Like Chappell, Lambke also takes the local economy into consideration. By using local ingredients, she believes her restaurant can give back to the community. 

“I also think that it has the multiplier effect of spending our dollars locally,” Lambke said. “So when our restaurant spends its food purchasing dollars locally, more of that money circulates in our community in a way that strengthens the local economy and I think that’s ultimately very, very important.”

Overall, the farm-to-table movement has a way of bringing local communities together. It has created a system that everyone can be a part of. Locals can sell their products to restaurants, and the restaurants can serve those products back to the locals. It’s one large cycle that results in happy, healthy and educated consumers. 
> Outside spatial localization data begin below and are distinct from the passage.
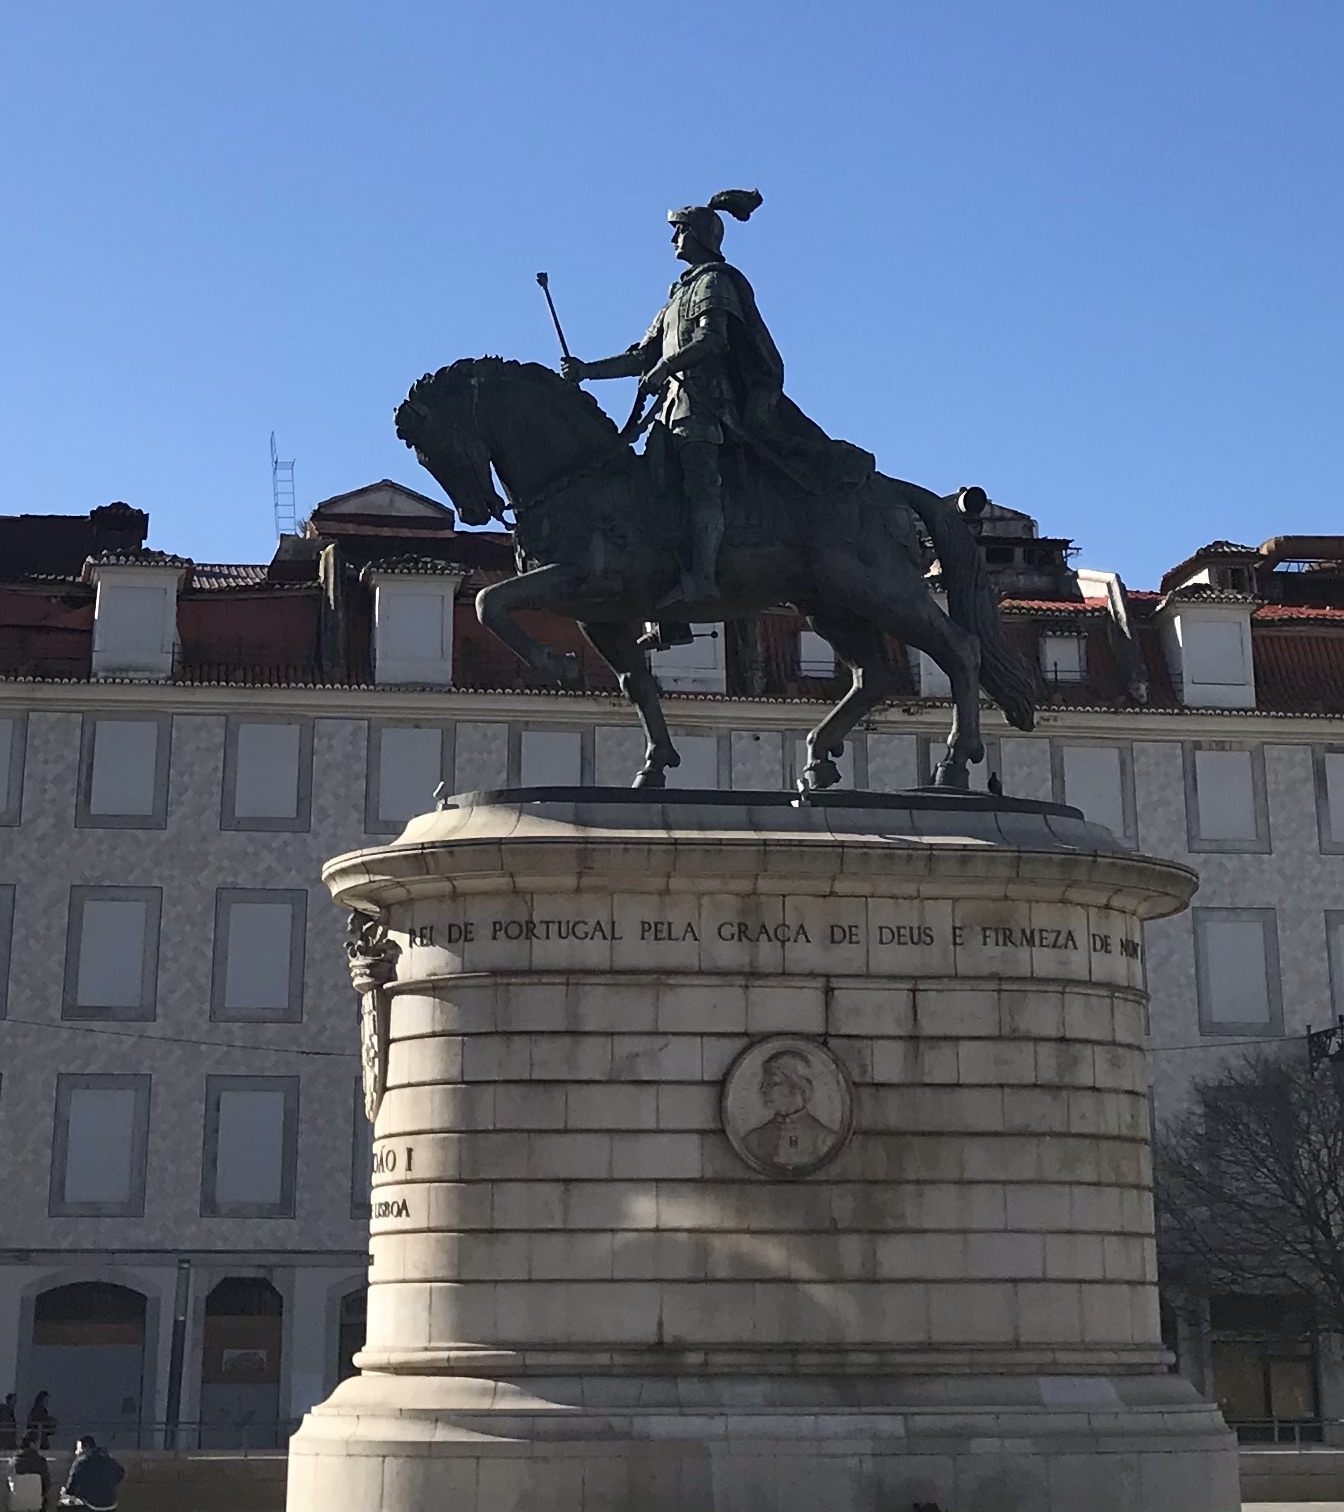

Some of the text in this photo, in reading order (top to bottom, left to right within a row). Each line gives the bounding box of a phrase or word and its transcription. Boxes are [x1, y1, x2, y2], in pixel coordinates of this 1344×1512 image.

[408, 925, 436, 949] REI
[447, 921, 475, 944] DE
[491, 920, 623, 941] PORTUGAL
[640, 920, 700, 942] PELA
[717, 922, 812, 948] GRAÇA
[829, 924, 860, 945] DE
[878, 924, 935, 946] DEUS
[952, 925, 964, 946] E
[981, 926, 1079, 950] FIRMEZA
[1091, 933, 1113, 954] DE
[405, 1146, 414, 1172] I
[375, 1198, 410, 1219] LISBOA
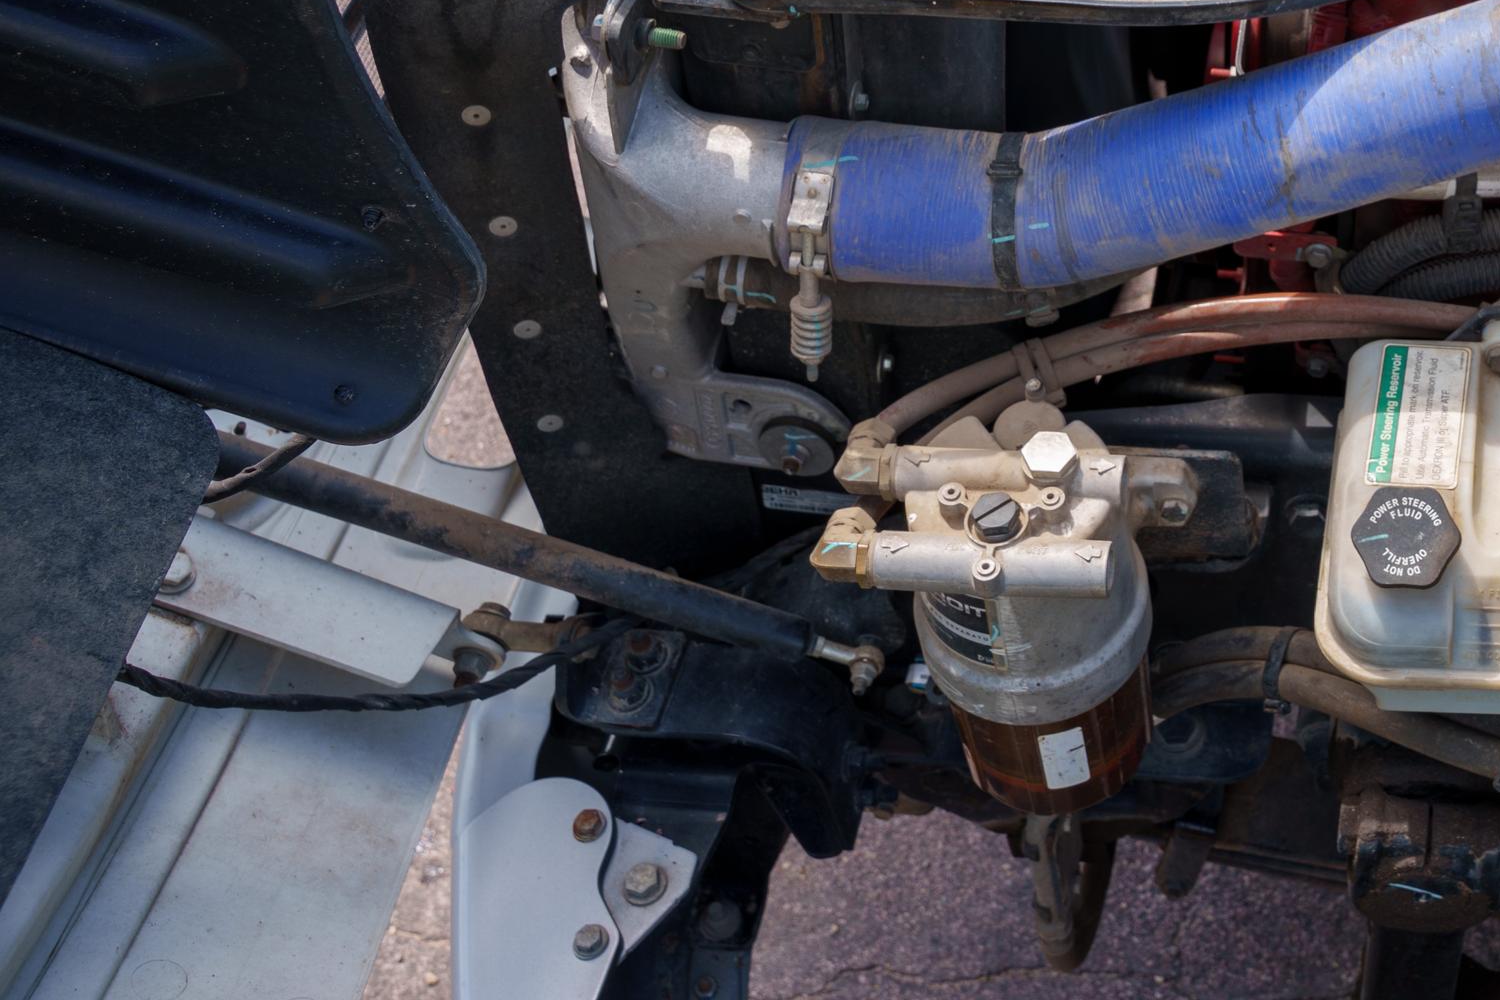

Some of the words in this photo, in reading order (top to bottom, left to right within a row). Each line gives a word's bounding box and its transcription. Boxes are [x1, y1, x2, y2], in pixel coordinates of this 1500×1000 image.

[1385, 352, 1403, 398] Reservoir
[1427, 357, 1438, 375] Fluid
[1410, 383, 1419, 393] on
[1406, 395, 1418, 412] mark
[1422, 376, 1436, 422] Transmission
[1379, 400, 1398, 440] Steering
[1417, 424, 1430, 461] Automatic
[1375, 442, 1390, 472] Power
[1369, 497, 1400, 524] POWER
[1401, 496, 1442, 528] STEERING
[1390, 509, 1423, 521] FLUID
[1381, 547, 1428, 567] OVERFILL
[1383, 564, 1404, 577] NOT
[1406, 565, 1421, 576] DO
“I think that people really want to do the right thing, for health, for the economy, and for supporting farms,” Lambke said. “I think folks are beginning to make the connection between eating farm-to-table food and patronizing farm-to-table establishments, and the immediate impact that has on the ability for farms in Maine to thrive.”



1.     Twilley, Nicola. “How Military R&D Created The Food We Eat.” Popular Science, 10 Aug. 2015, www.popsci.com/how-military-created-food-we-know-it#page-2.

2.     Janzer, Cinnamon. “The History of the Farm to Table Movement.” Restaurant Insider, Restaurant Insider, 19 July 2017, upserve.com/restaurant-insider/history-farm-table-movement/.

3.     “Chez Panisse Restaurant.” Chez Panisse Restaurant | Chez Panisse, www.chezpanisse.com/about/chez-panisse/.

4.     “Timeline: Maine’s Farm-to-Table Movement, 1952 to Today.” Press Herald, 6 Apr. 2014, www.pressherald.com/2014/04/06/timeline-maines-farm-to-table-movement-1952-to-today/.